Desde diciembre de 2023, la política previsional impulsada por el Gobierno nacional tuvo un impacto regresivo sobre los ingresos jubilatorios, advirtió un informe del Centro de Economía Política Argentina (CEPA), al que accedió El Destape.
Así lo hizo: el recorte de Milei a los jubilados ANSES de más del 25%
El presidente Javier Milei modificó la fórmula previsional mediante el DNU 274/2024, atando los haberes a la inflación y derogando la Ley 27.609, vigente desde 2021. Si bien el nuevo esquema permitió recuperar parcialmente lo perdido durante el primer trimestre de 2024, el análisis de su evolución muestra que, de haberse mantenido la fórmula anterior, los jubilados hubieran obtenido aumentos superiores en el mediano plazo.
En este sentido, en diciembre de 2025, con un aumento del 2,3% correspondiente al IPC de octubre, la jubilación mínima sin bono se ubicó en $340.886. De haber continuado el esquema anterior, ese haber habría alcanzado los $434.279, un 27,4% más.
Incluso, en septiembre y diciembre de 2024, así como en marzo, junio y septiembre de 2025, los incrementos que hubiera otorgado la fórmula previa habrían superado a los efectivamente aplicados.
De este modo, la actual indexación de los haberes al IPC garantiza que no continúe la pérdida real, pero impide cualquier recuperación del poder adquisitivo.

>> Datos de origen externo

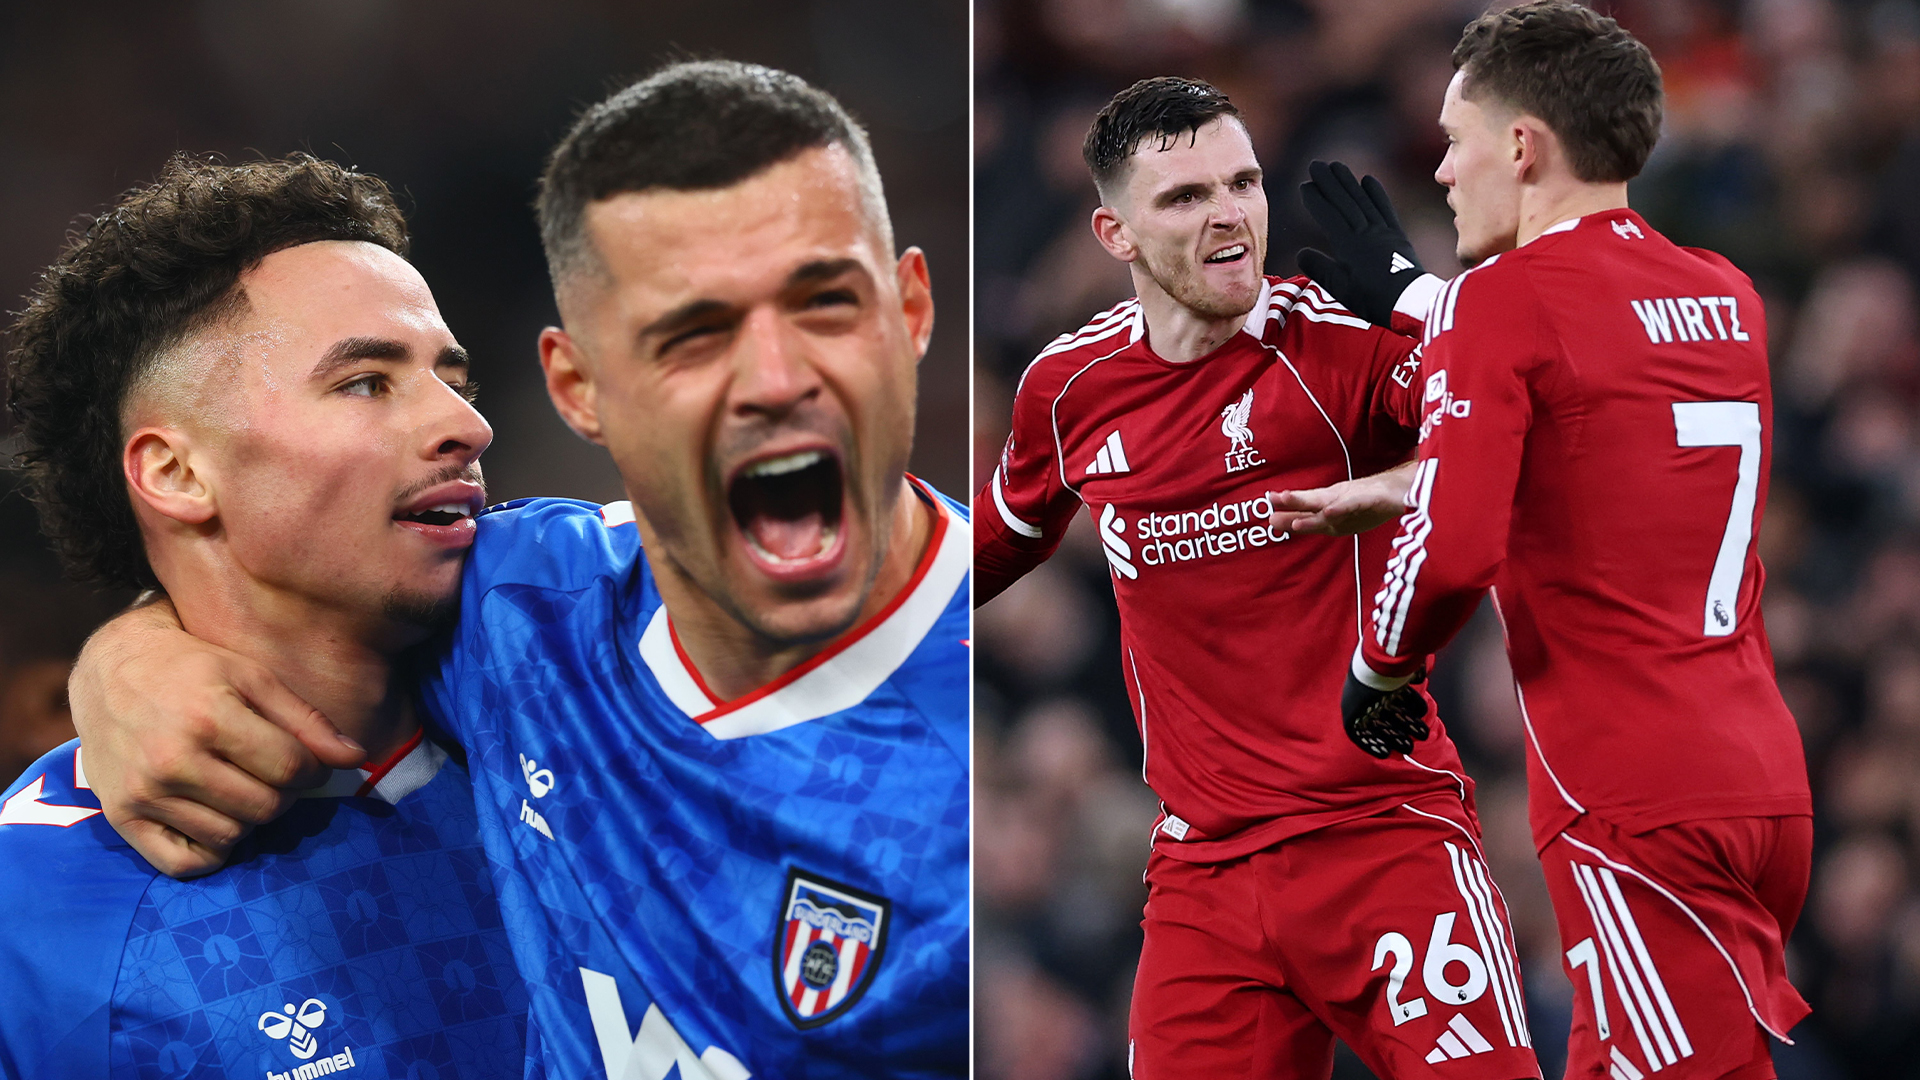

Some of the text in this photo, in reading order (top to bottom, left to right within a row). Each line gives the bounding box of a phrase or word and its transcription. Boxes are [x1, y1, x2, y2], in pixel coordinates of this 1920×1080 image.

[1631, 296, 1750, 344] WIRTZ
[1224, 450, 1267, 473] L.F.C.
[1137, 491, 1275, 540] standard
[1671, 401, 1762, 637] 7
[793, 904, 871, 943] SUNDERLAND
[1371, 911, 1489, 1027] 26
[1565, 936, 1612, 1041] 7
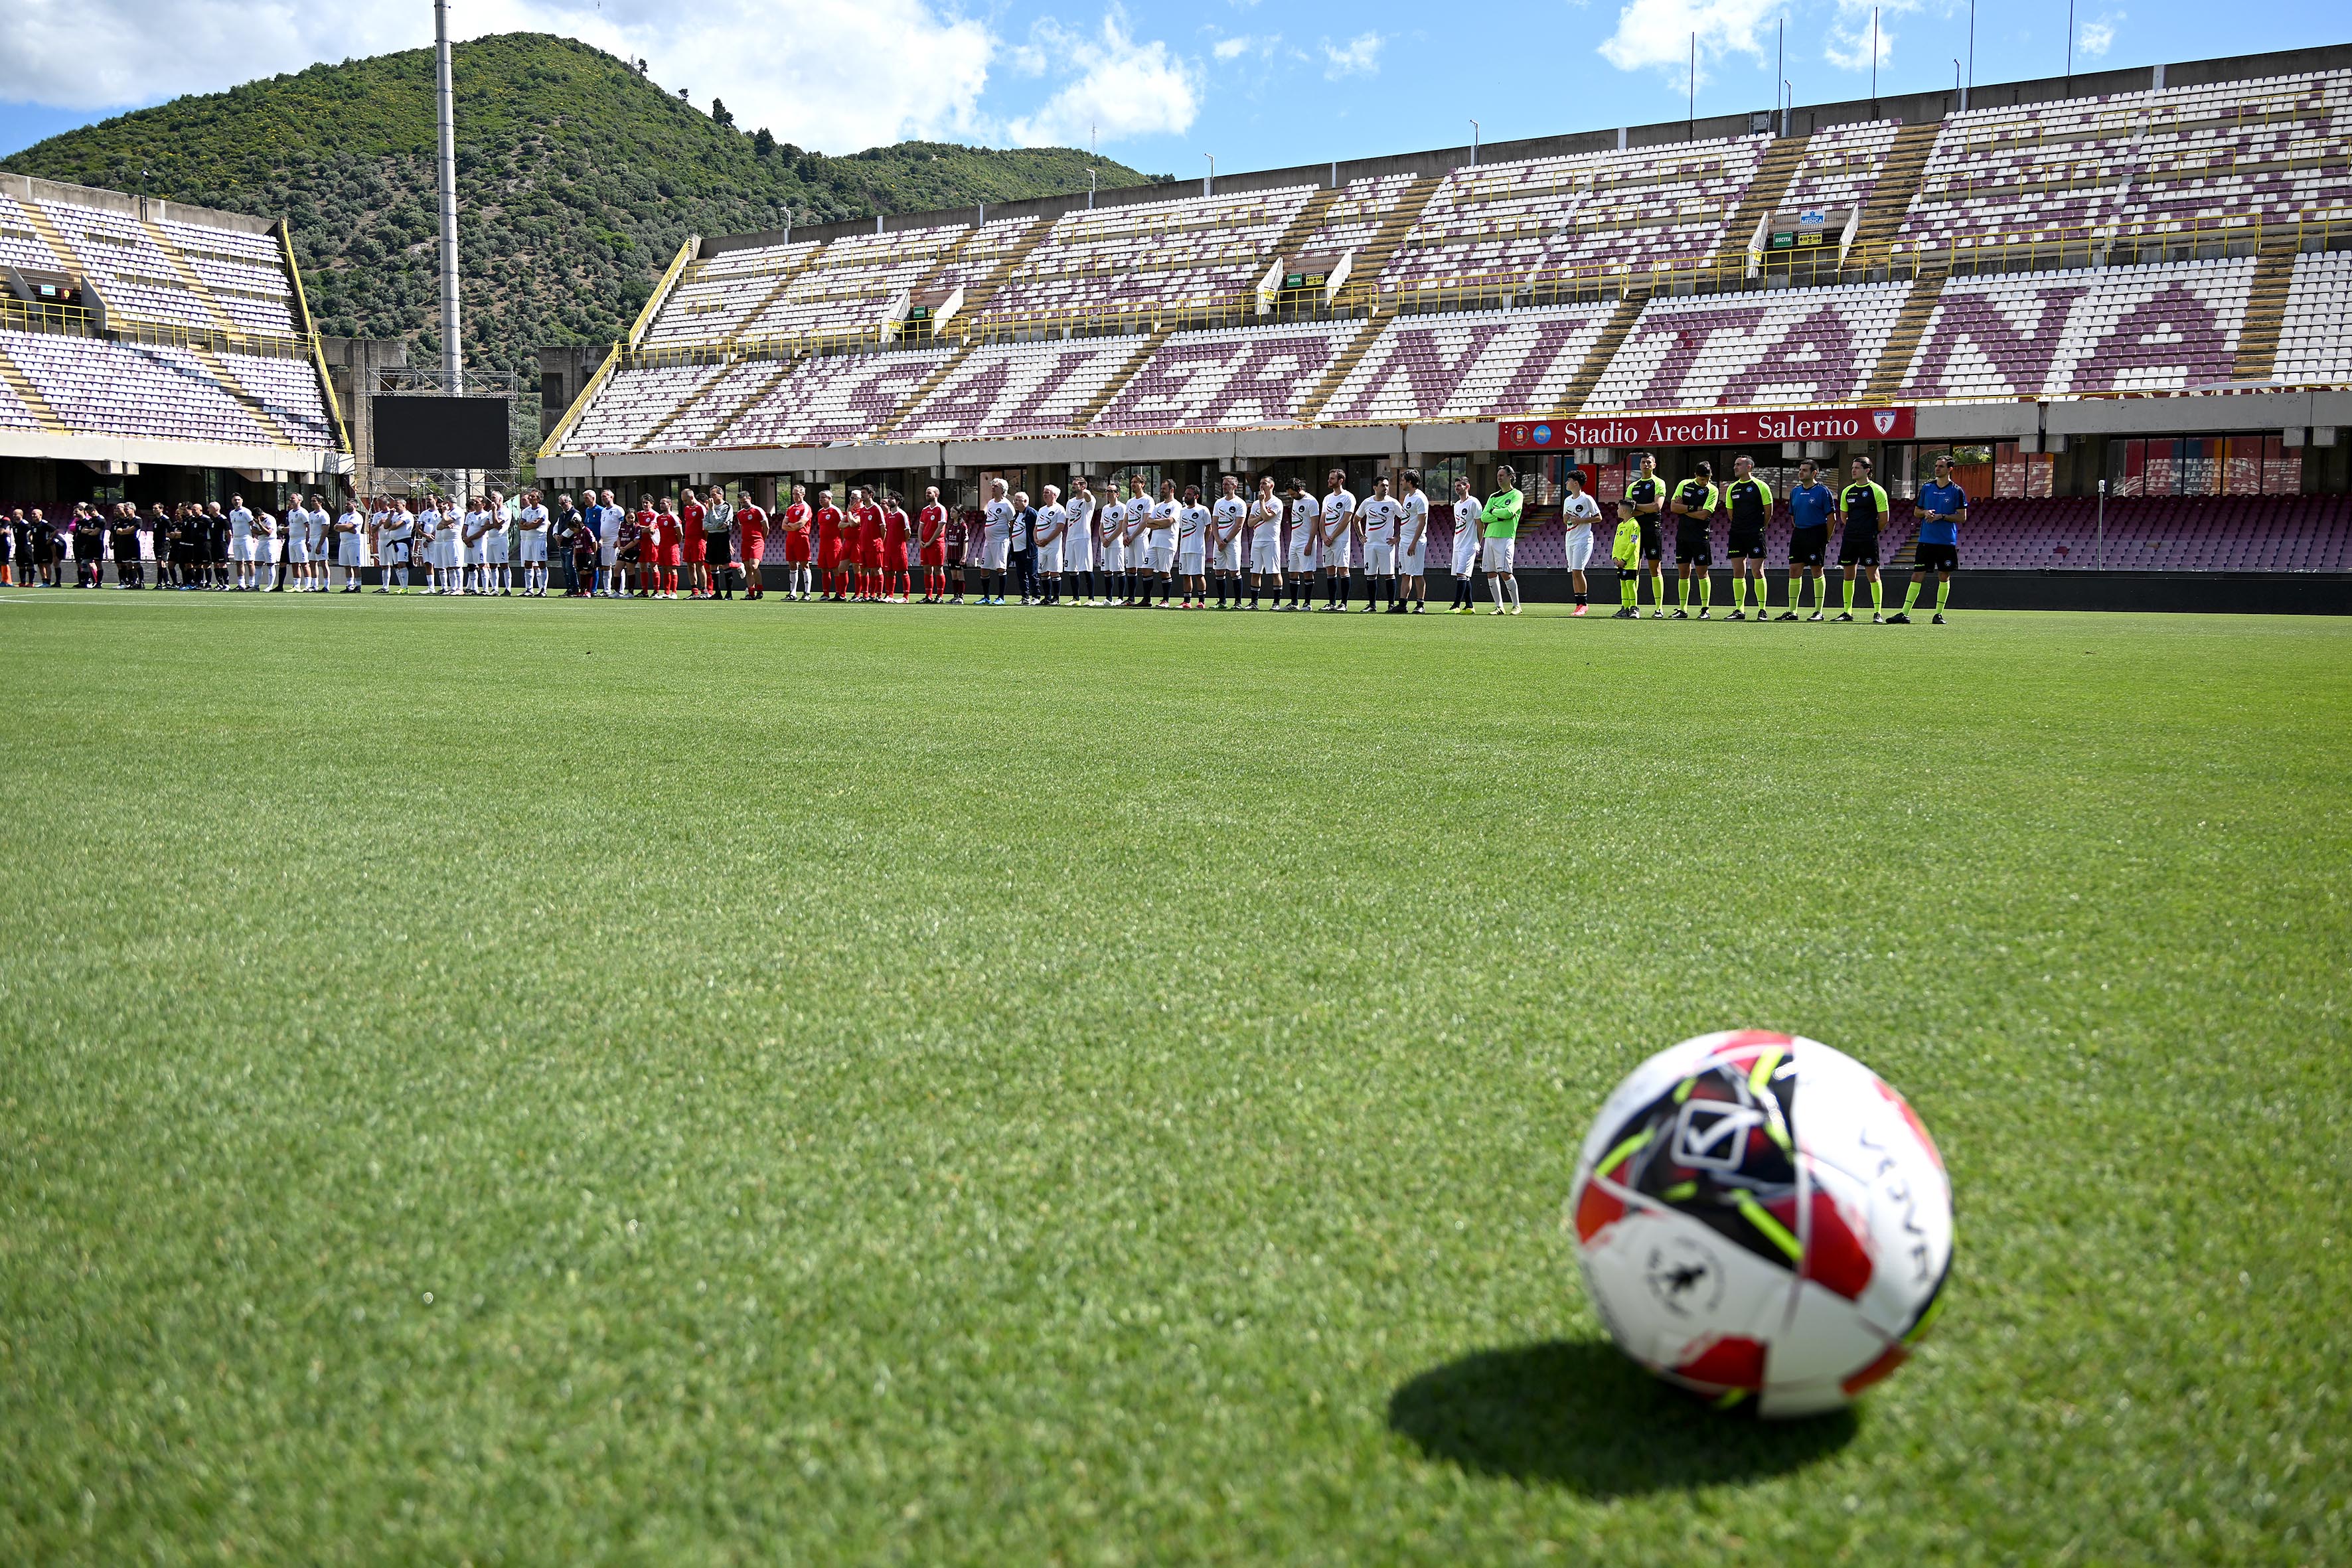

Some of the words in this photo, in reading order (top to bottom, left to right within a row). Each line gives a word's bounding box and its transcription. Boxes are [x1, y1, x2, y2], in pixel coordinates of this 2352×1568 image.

[1565, 422, 1638, 445] Stadio
[1646, 418, 1729, 443] Arechi
[1758, 415, 1858, 439] Salerno

En contraste, la Ley 27.756, sancionada por el Congreso y vetada por el Ejecutivo, preveía una recomposición inicial del 7,2%, un haber mínimo equivalente al 109% de la Canasta Básica Total de un adulto y una cláusula de ajuste adicional anual vinculada a la evolución real de los salarios.
El atraso del bono a jubilados ANSES
En paralelo, el Gobierno congeló desde marzo de 2024 el bono compensatorio de $70.000 que percibe cerca del 70% de los jubilados. Mientras los haberes crecieron un 154% entre marzo de 2024 y diciembre de 2025, la jubilación mínima con bono incluido aumentó apenas un 101%, reflejando una fuerte pérdida real.
Si el bono se hubiera actualizado en la misma proporción que los haberes, debería haber alcanzado en diciembre de 2025 los $177.485, más del doble del monto vigente, lo que evidencia un atraso en el cobro total que reciben los jubilados.
Precisamente, la ley aprobada en julio de 2025 y también vetada por el Presidente incluía un aumento excepcional del 7,2% para completar la inflación de enero de 2024, junto con la actualización del bono previsional a $110.000 con ajuste posterior por inflación.